Opinion
1632-2019
05-23-2022
Circuit Court for Baltimore City Case No.: 24-C-18-005008
Nazarian, Leahy, Harrell, Glenn T., Jr. (Senior Judge, Specially Assigned) JJ.
OPINION [*]
Leahy, J. 1
The Estate of Tyrenka Dorsey, appellant, appeals from an order of the Circuit Court for Baltimore City denying Ms. Dorsey's motion to alter or amend the court's earlier order denying her "Request for Unpaid Balance From Respondent Of Arbitration Award" ("Request") in which she requested pre-judgment interest under the judgment confirming her arbitration award.
Tragically, Ms. Dorsey passed away shortly after this appeal was filed. The appeal was recaptioned as Estate of Tyrenka Dorsey v. Kaplan Higher Education Corp., No. 1632, September Term 2019, to reflect that Ms. Dorsey's estate is the real party in interest. For simplicity, we refer to both Ms. Dorsey and her estate throughout this opinion as "Ms. Dorsey."
In June of 2018, after a multi-day arbitration, an arbitrator found that appellee Kaplan Higher Education Corporation ("Kaplan") had breached an enrollment agreement with Ms. Dorsey, and the arbitrator awarded Ms. Dorsey $44, 414 due to Kaplan's breach. Ms. Dorsey filed a petition to confirm the arbitration award in the circuit court, and the court ordered judgment in Ms. Dorsey's favor in the amount of $44, 414.00, "plus post-judgment interest at the legal rate" and costs. On May 31, 2019, the clerk entered the judgment on the docket, and Kaplan sent a check for the full amount of the arbitration award, post-judgment interest, and costs.
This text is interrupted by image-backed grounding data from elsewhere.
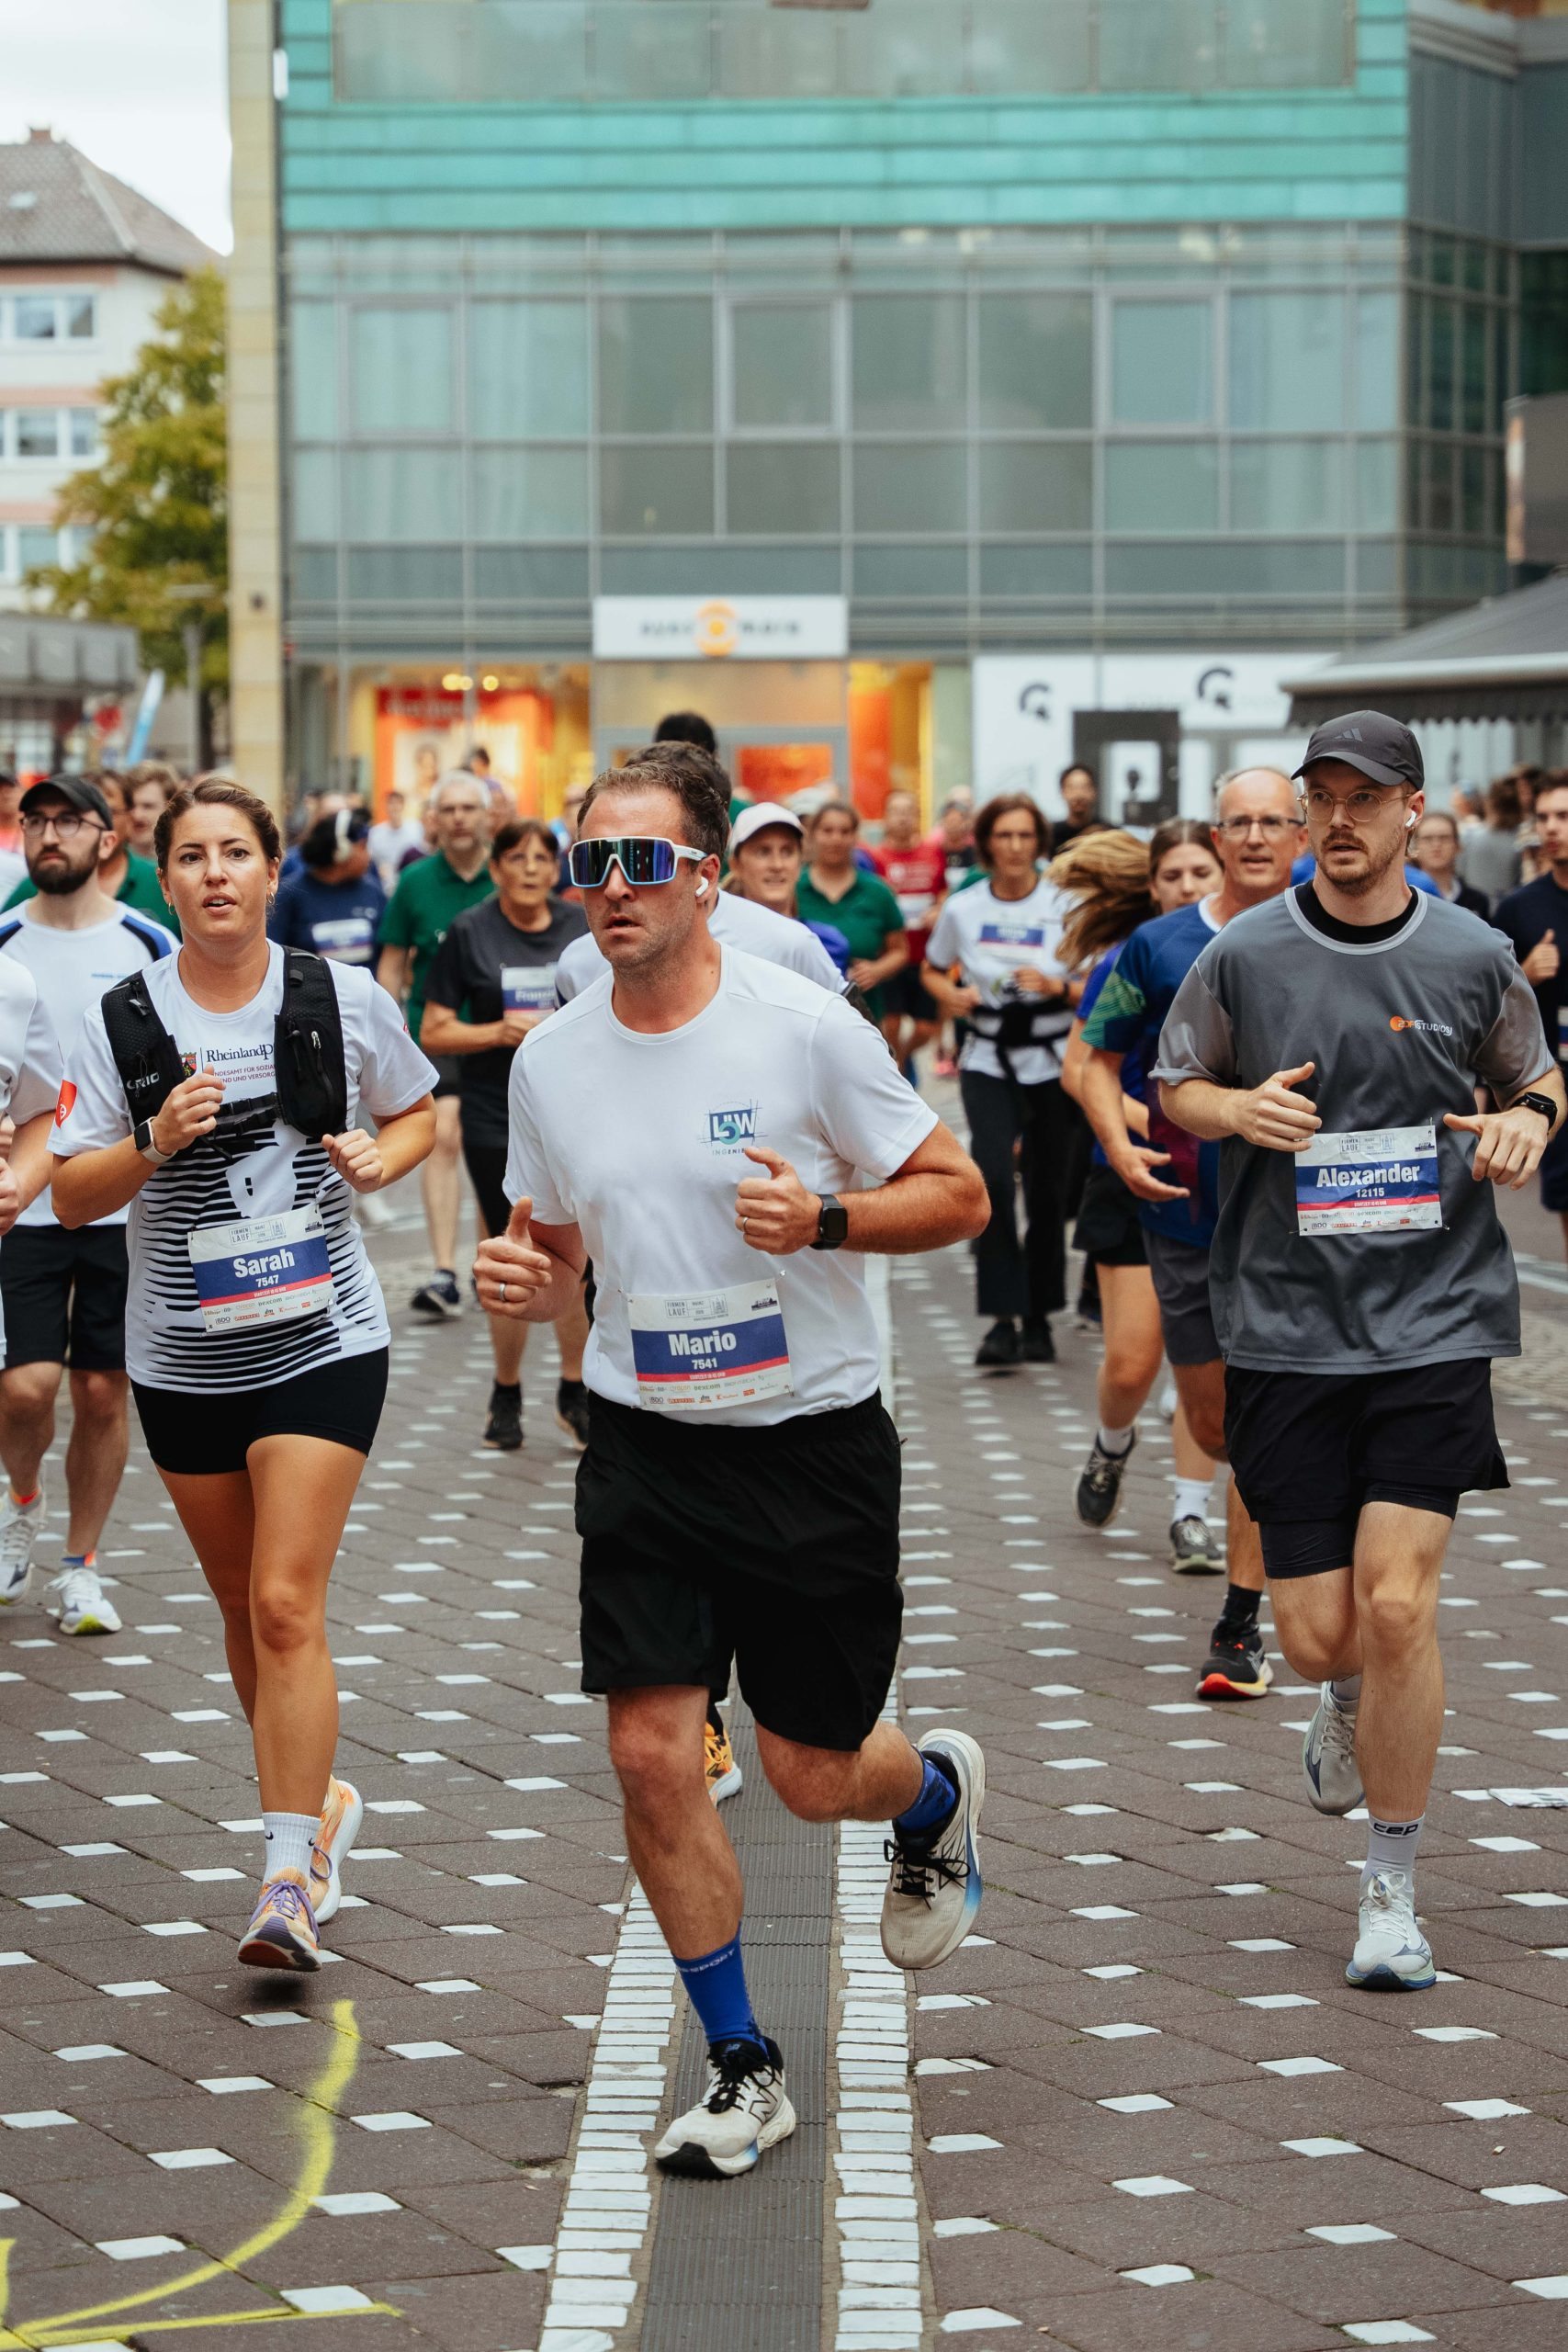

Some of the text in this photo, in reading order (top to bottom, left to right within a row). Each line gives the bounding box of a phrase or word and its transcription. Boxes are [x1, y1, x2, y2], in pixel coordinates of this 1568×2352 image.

[206, 1043, 275, 1062] RheinlandP
[214, 1068, 243, 1077] NDESAMT
[256, 1064, 276, 1072] SOZIA
[248, 1071, 276, 1080] VERSORG
[712, 1148, 746, 1156] INGENIE
[1341, 1144, 1359, 1152] LAUF
[1316, 1163, 1421, 1188] Alexander
[1356, 1187, 1385, 1198] 12115
[232, 1233, 250, 1243] LAUF
[232, 1248, 296, 1278] Sarah
[255, 1274, 279, 1288] 7547
[668, 1307, 686, 1317] LAUF
[668, 1330, 737, 1356] Mario
[691, 1357, 717, 1370] 7541
[1373, 1823, 1419, 1836] cep
On July 9, 2019, thirty-nine days after the clerk entered the judgment, Ms. Dorsey filed the Request in the circuit court for an award of pre-judgment interest in the amount 2 of $3, 739.73. Ms. Dorsey presents three questions that we have combined into one: Did the circuit court err in denying Ms. Dorsey's request for pre-judgment interest?
The questions presented by Ms. Dorsey in her brief appear in the appendix at the end of this opinion.
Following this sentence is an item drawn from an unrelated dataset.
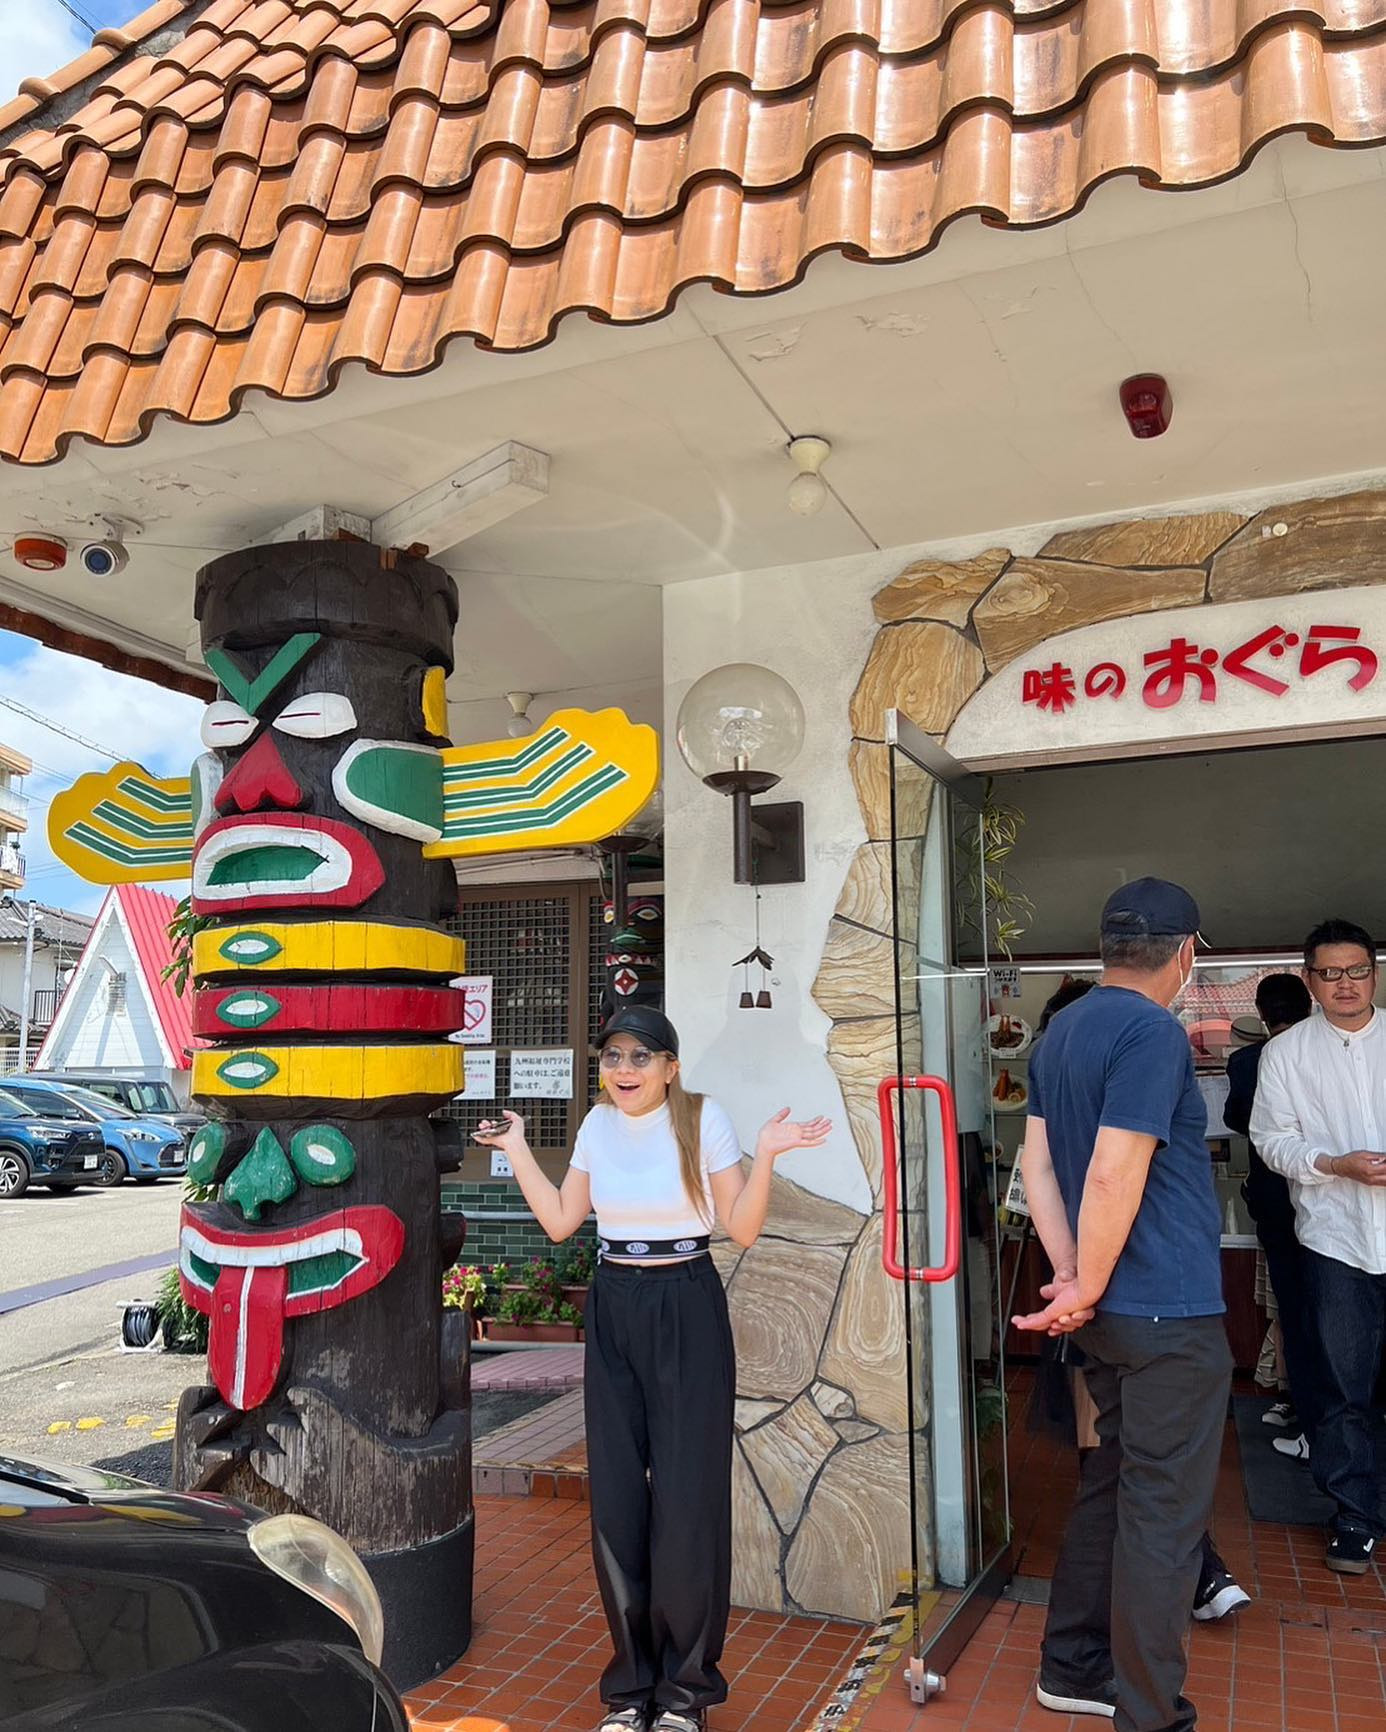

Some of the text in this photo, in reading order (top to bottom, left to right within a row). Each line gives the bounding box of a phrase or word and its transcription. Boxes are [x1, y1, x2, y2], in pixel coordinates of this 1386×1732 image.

[1022, 624, 1379, 714] 味のおぐら
[993, 969, 1017, 977] Wi-Fi
As we explain, Ms. Dorsey was not entitled to pre-judgment interest under the judgment confirming her arbitration award. To the extent that her Request sought to amend the judgment to include pre-judgment interest, it was properly denied by the court because she filed her Request, and the motion to modify, after the judgment was enrolled. Accordingly, we affirm the judgment of the circuit court.
BACKGROUND
In 2011, Ms. Dorsey entered into an enrollment agreement with TESST, a technical for-profit college formerly operated by Kaplan, to become a certified medical assistant. Ms. Dorsey successfully completed her first five courses required within the program before learning that she had failed her sixth course, "MAR150." A Kaplan administrator advised Ms. Dorsey that she would be able to retake MAR150 without additional cost, but that she would need to complete two other courses remaining in the program first.
By February 13, 2012, Ms. Dorsey had completed the other two remaining courses and was scheduled to retake MAR150 during the term beginning on March 15, 2012. Although Ms. Dorsey maintained that she had been told she would "be on break" from February 14 to March 15, Kaplan deemed Ms. Dorsey withdrawn from the program on 3 February 16 "because she was 'not enrolled in a mod[ule]' for 14 days" and terminated her financial aid. Because Ms. Dorsey had insufficient financial resources to enroll in MAR150 after Kaplan terminated her financial aid, she did not return to the program and, instead, gained employment at Johns Hopkins Hospital (albeit not as a medical assistant and at a lower salary).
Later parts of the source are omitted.